(Beginning of Information supplied)

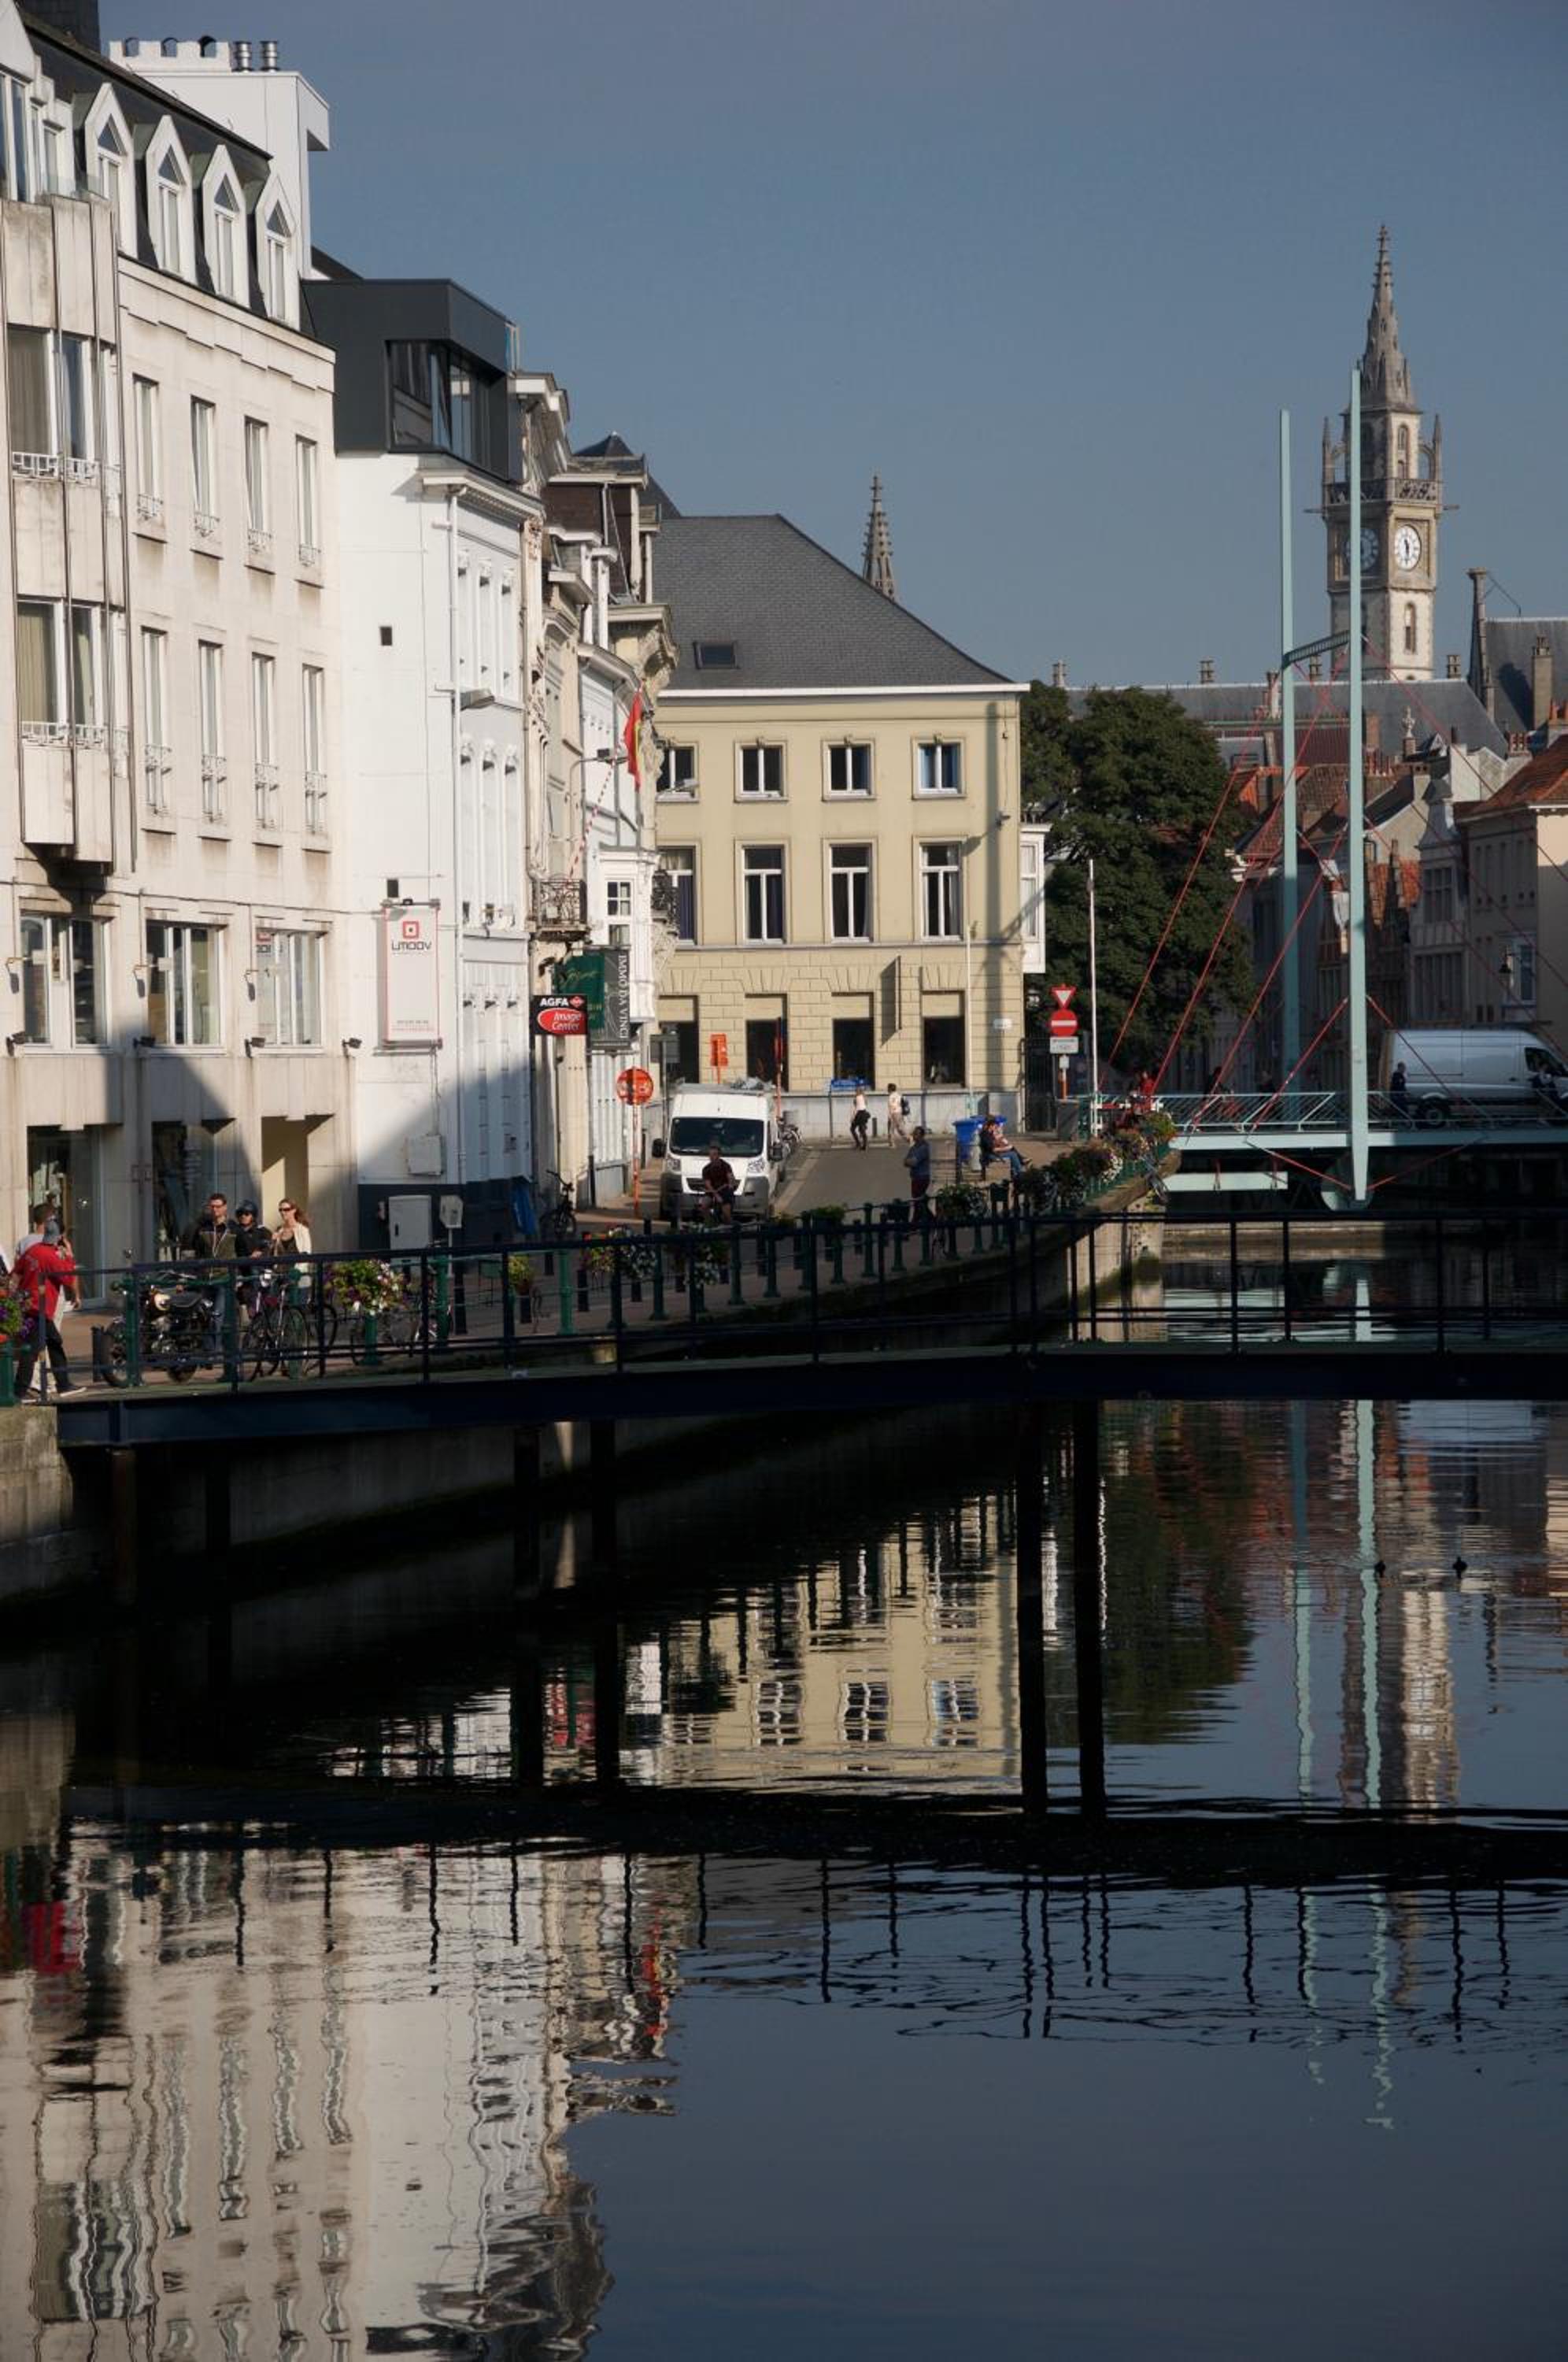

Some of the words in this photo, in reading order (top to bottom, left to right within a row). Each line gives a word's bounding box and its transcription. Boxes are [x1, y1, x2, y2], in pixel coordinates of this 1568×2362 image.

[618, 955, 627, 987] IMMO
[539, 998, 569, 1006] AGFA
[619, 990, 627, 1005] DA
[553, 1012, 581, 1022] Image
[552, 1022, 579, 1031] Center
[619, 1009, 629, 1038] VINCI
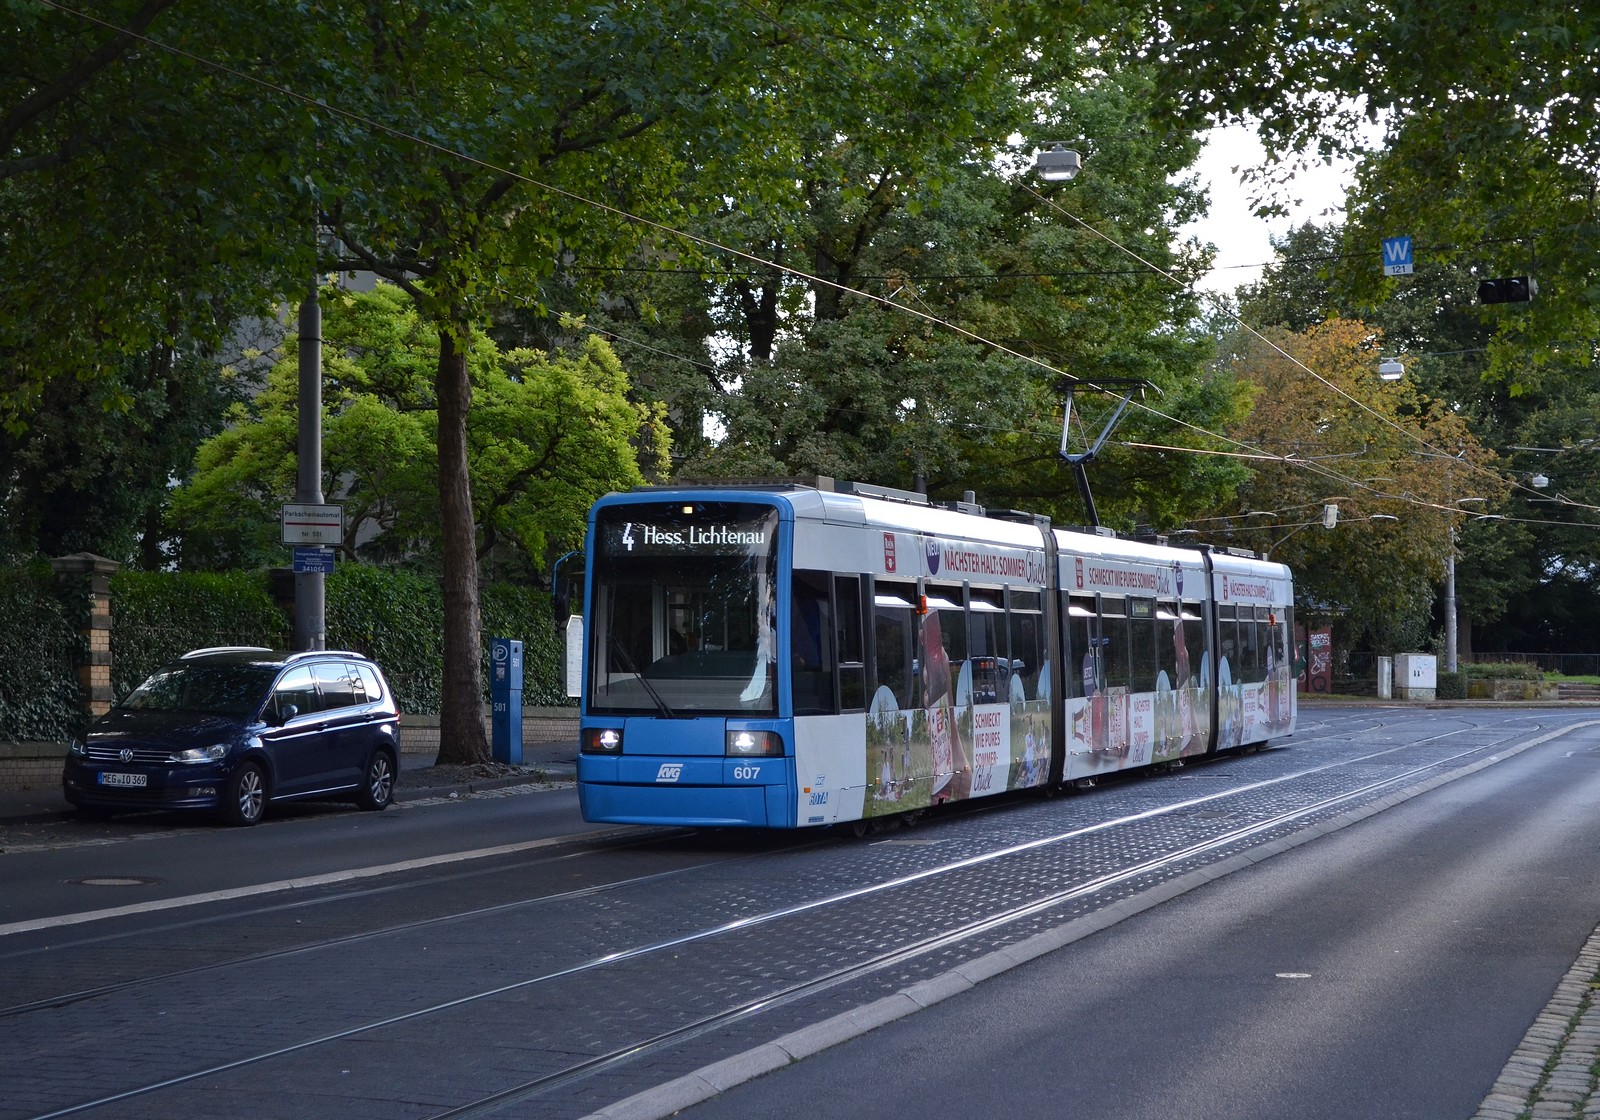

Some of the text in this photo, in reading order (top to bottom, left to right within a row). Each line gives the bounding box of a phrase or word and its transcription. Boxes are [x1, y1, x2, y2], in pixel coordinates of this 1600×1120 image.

(End of Information supplied)

Task to complete - Give back every entry word for word, and drop the pictures as you go.

Result for this exercise -
Some of the words in this photo, in reading order (top to bottom, left to right within a row). Each line gives a word's bounding box and its transcription. Boxes are [x1, y1, x2, y2], in pixel coordinates of this 1568×2362 image.

[618, 955, 627, 987] IMMO
[539, 998, 569, 1006] AGFA
[619, 990, 627, 1005] DA
[553, 1012, 581, 1022] Image
[552, 1022, 579, 1031] Center
[619, 1009, 629, 1038] VINCI

Some of the text in this photo, in reading order (top to bottom, left to right within a row). Each line gives the bounding box of a phrase or word and its transcription. Boxes are [x1, y1, x2, y2], in pixel coordinates of this 1600×1120 image.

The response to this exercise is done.